Ji-woon Kim’s A Tale of Two Sisters (2003) raised the bar from high-school melodrama to family tragedy, and became the highest-grossing Korean horror film of its decade. Kim was best known for the offbeat comedies The Quiet Family (1998) and The Foul King (2000) before moving into horror territory, and he proves himself an even more accomplished director of unsettling cinematic visions. With a coolly attenuated style that hovers at a distance, he observes the chilly relations between sisters Su-mi (the protective elder) and Su-yeon (the submissive, silent younger) and their frayed stepmother Eunjoo (Yum Jung-ah, whose try-too-hard politeness is both sympathetic and suspiciously icy), in a house haunted by past (mis)deeds that are never discussed, and presided over by a father so passive he's practically absent. Kim captures a brittleness that threatens to snap as sublimated hatreds are unleashed in sharp words, increasingly hostile confrontations, and terrible acts of vengeance both emotional and physical.

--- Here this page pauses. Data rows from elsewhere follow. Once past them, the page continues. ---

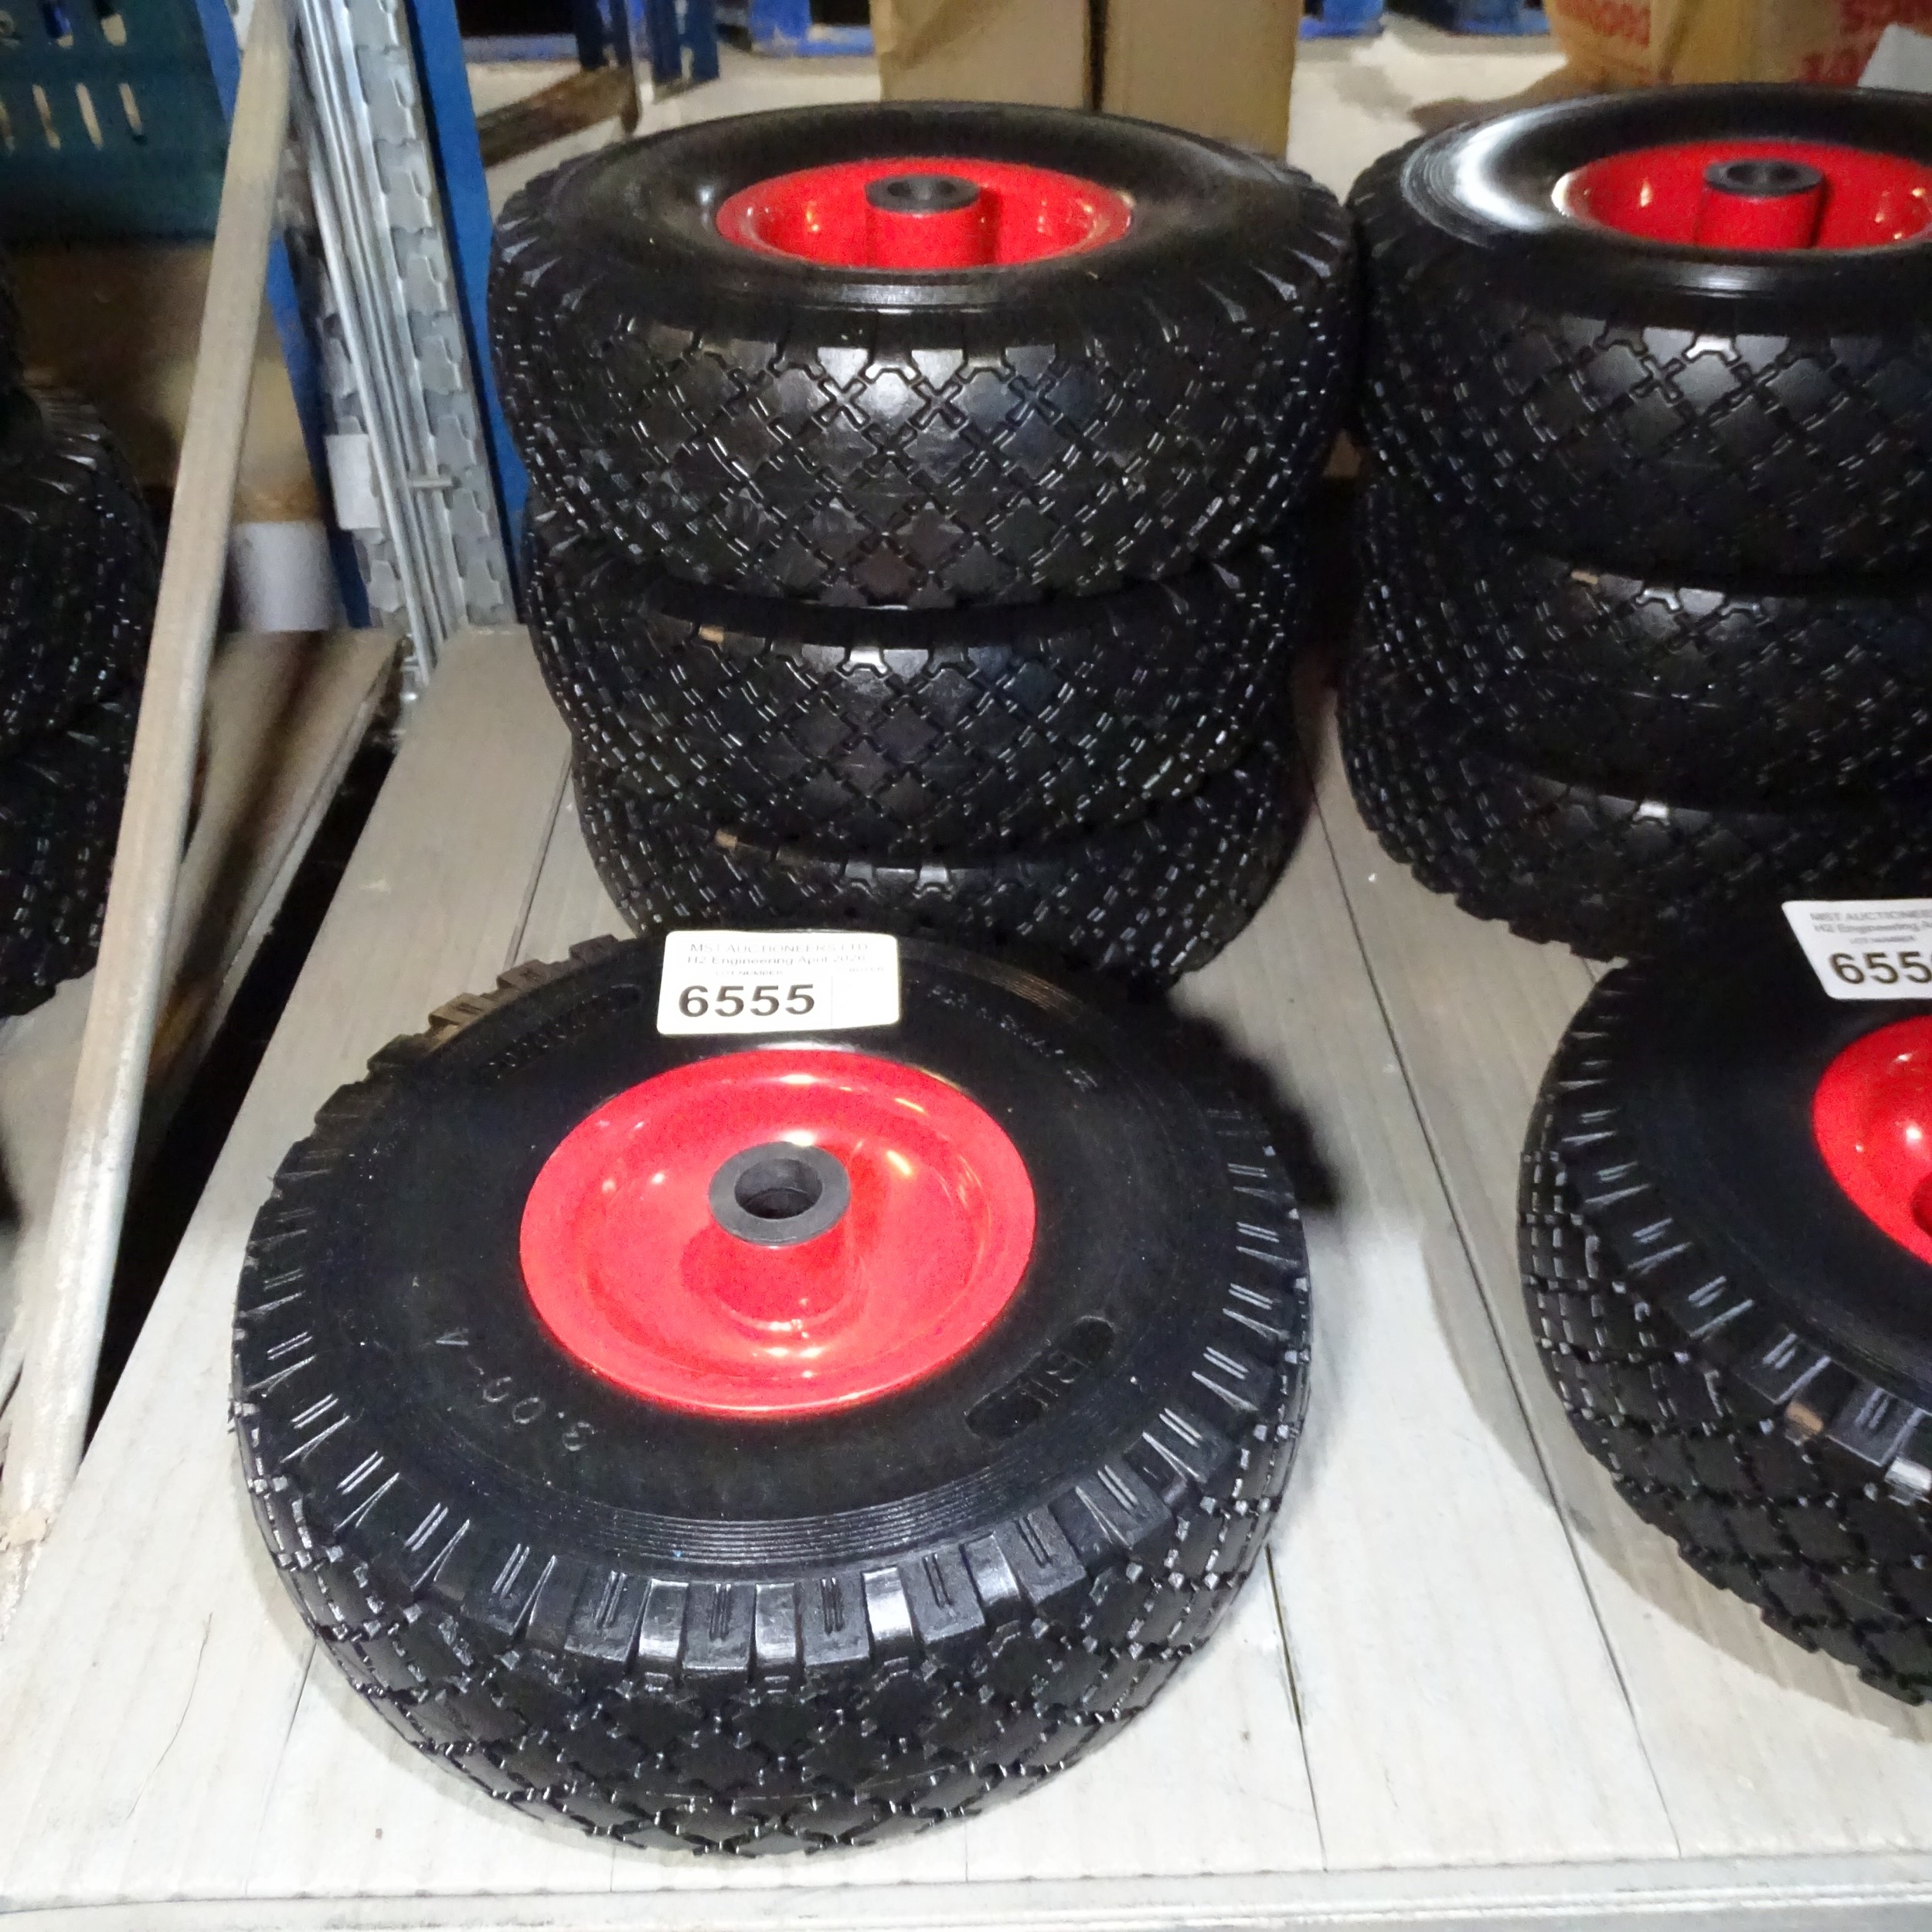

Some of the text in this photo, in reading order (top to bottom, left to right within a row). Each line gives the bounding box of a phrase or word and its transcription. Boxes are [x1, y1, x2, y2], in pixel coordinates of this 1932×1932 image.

[690, 943, 721, 953] MST
[726, 943, 836, 953] AUCTIONEERS
[687, 955, 706, 964] H2
[712, 955, 793, 966] Engineering
[798, 954, 828, 966] April
[1828, 951, 1932, 985] 655
[679, 984, 815, 1018] 6555
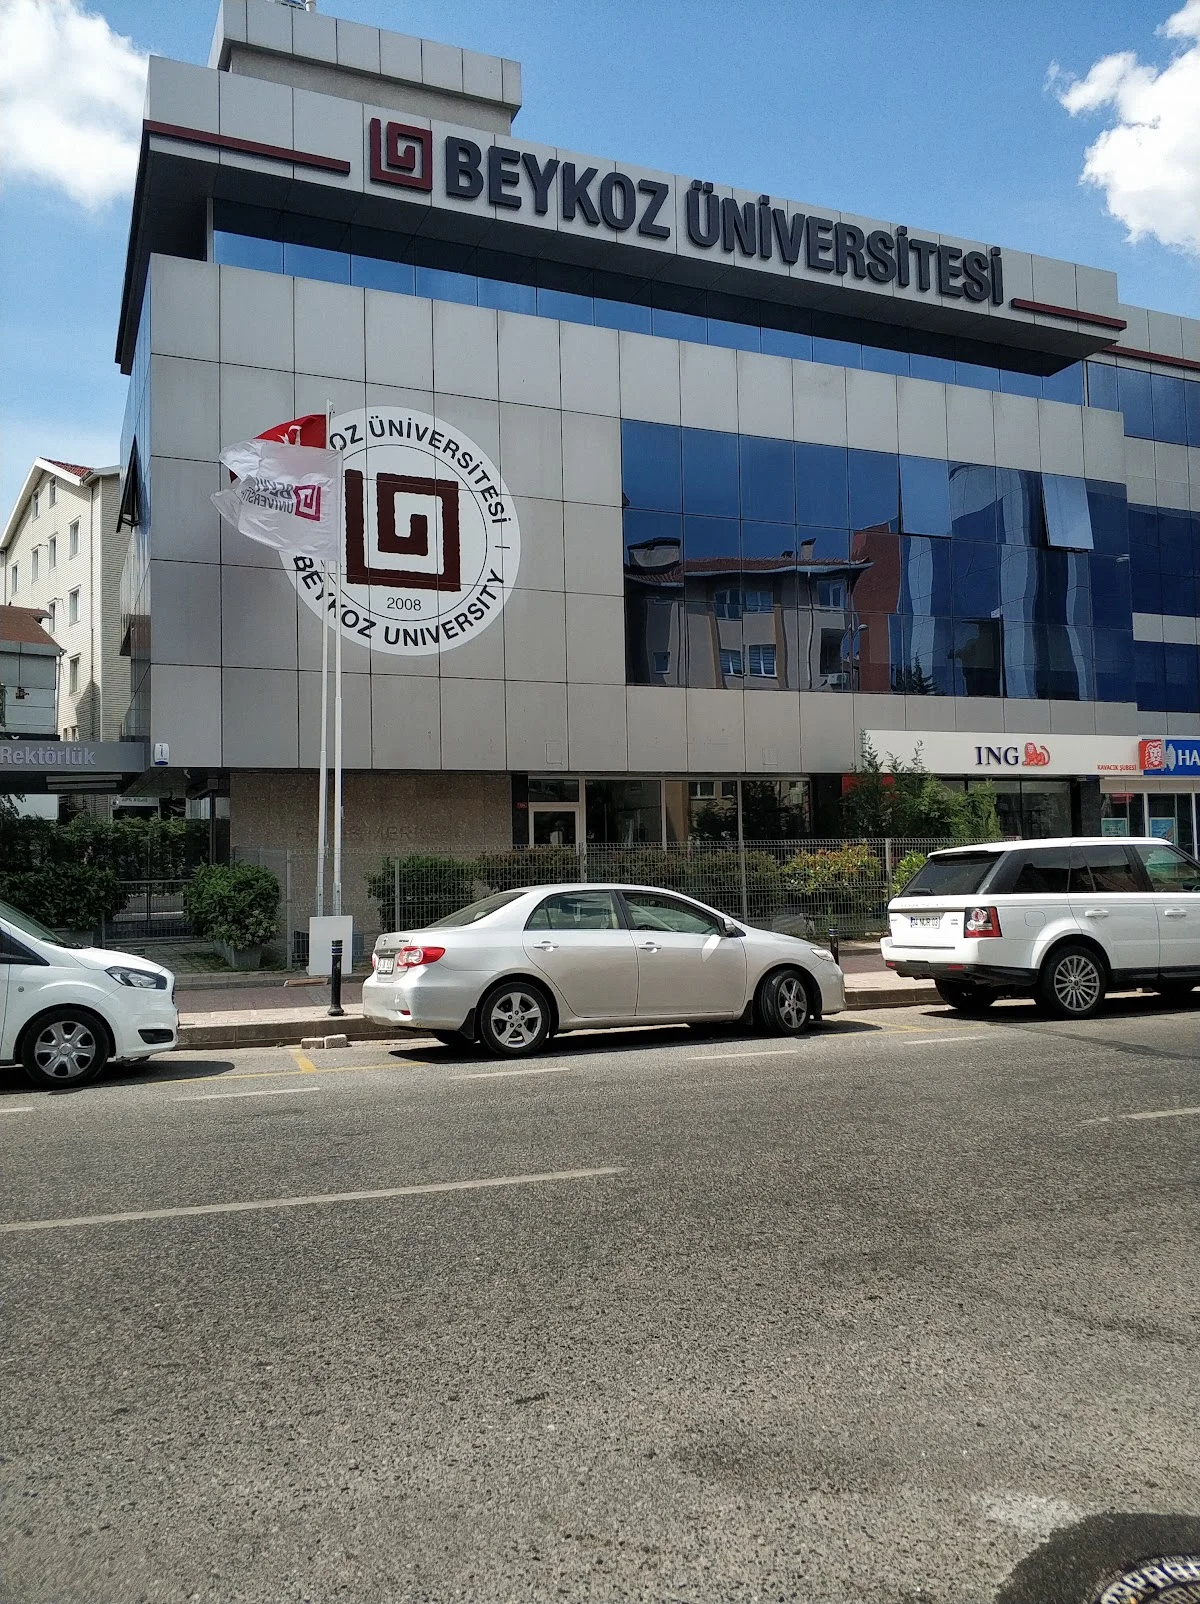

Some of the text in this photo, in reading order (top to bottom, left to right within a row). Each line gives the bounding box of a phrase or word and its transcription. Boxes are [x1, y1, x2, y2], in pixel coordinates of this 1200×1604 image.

[445, 136, 1003, 304] BEYKOZ ÜNİVERSİTESİ
[368, 415, 511, 523] ÜNİVERSİTESİ
[384, 568, 504, 646] UNIVERSITY
[386, 597, 422, 611] 2008
[0, 746, 96, 765] Rektörlük
[974, 746, 1019, 765] ING
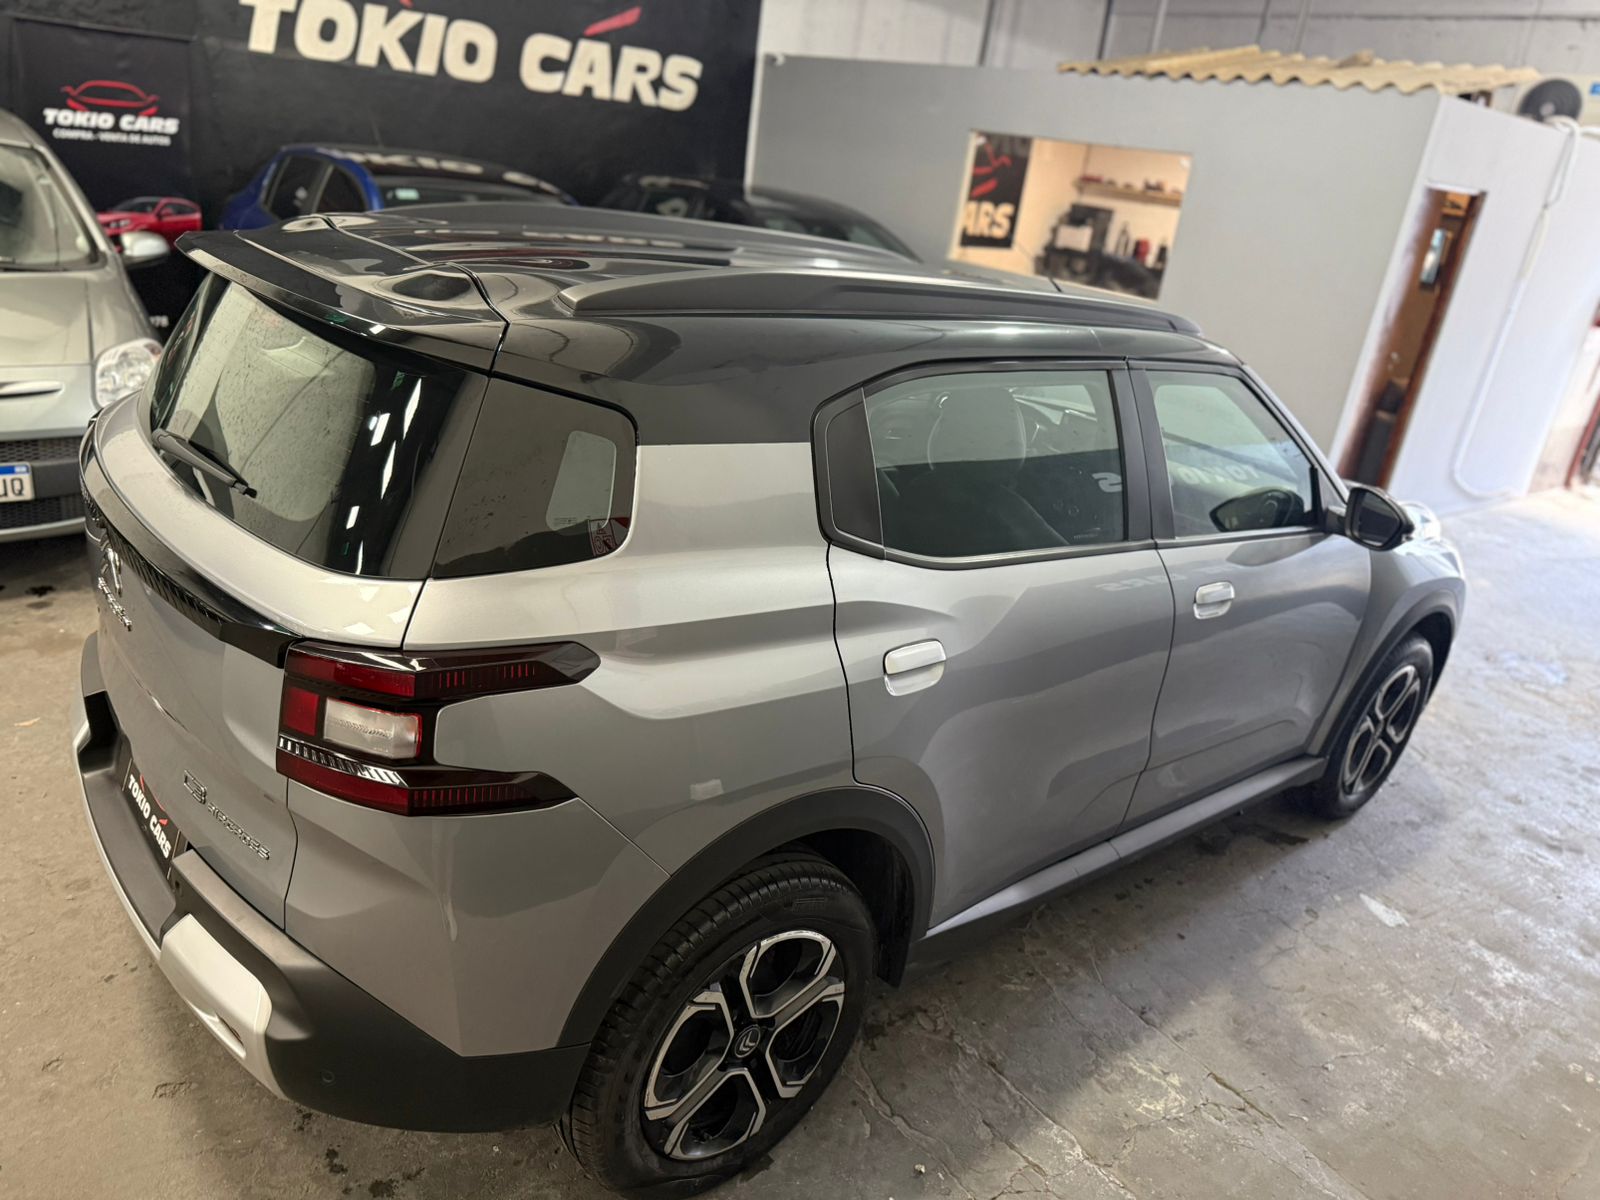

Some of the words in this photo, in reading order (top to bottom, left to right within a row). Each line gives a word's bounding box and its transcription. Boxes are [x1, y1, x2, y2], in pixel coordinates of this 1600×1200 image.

[239, 0, 498, 83] TOKIO
[519, 32, 703, 112] CARS
[43, 107, 115, 130] TOKIO
[119, 114, 180, 135] CARS
[129, 774, 151, 819] TOKIO
[150, 814, 172, 859] CARS

It’s hard to tell what holds more sway over the creepy doings of the house: guilt, ghosts (both eerie floating specters and a screamingly terrifying figure of rotting black vengeance that crawls under the cabinets), or sheer madness. The shadowy, suggestive images and unnerving silence—interrupted by quiet footsteps, ticking clocks, and squishy Lynchian soundscapes—makes the haunting of this house so shiver-inducing that you don’t really care. The monster is a metaphor, as they say, and as Kim replays the tale from different perspectives, the terrible human story behind the haunting is slowly revealed, trading the eerie, shivery horrors for the resentment and rage that pushes events into aching sadness and tragedy. Kim went on to make the splashy The Good, the Bad, the Weird (2008) and I Saw the Devil (2010), which met horror with the madness of obsessive revenge. A Tale of Two Sisters is still his most moving and heartfelt film.
"We are not bad children, but everyone thinks we are."
In Hansel and Gretel (2008), Yim Phil-Sung reworks the Grimm fairy tale as a horror steeped in tragedy. In this take, the children are in charge of the "House of Happy Children" and its artificially cheerful nuclear family hidden deep in the forest. Into this unreal existence wanders crash victim Eun-Soo (Cheon Jeong-myeong), a young man who wrecks his car while fleeing his pregnant girlfriend (and all the responsibility she represents), and follows a literal red riding hood to the magical house where candies and cakes are the stuff of every meal.
It's like Jerome Bixby's "It's a Good Life" (which was made twice into segments of The Twilight Zone), reworked as a K-horror drama with a melancholy ending. Yim never quite gets beyond the surface set-up of damaged children distrustful of all adults yet desperate for parental love. Rather than mine the grim dimension and primal fears of the fairy-tale mythos, he unleashes a new villain in the form of a serial-killing religious zealot who really digs the creepy magic of this candy house. But Yim's world is magnificently realized and beautifully stylized, with unreal idealized settings, discomforting storybook colors, and childish imagery—the family portraits of anthropomorphized rabbits in human clothes just get creepier and creepier as they come. There's no fairy-tale ending here; the evil that men do to helpless children, it seems, can never be healed in this world. But neither is there the flailing cruelty of the J-horror models that kicked off the explosion of Asian horror in the late-nineties. These children are victims and survivors, but they're not driven by vengeance or rage. Like the kids of the best K-horror films, all they really want is to be loved and accepted.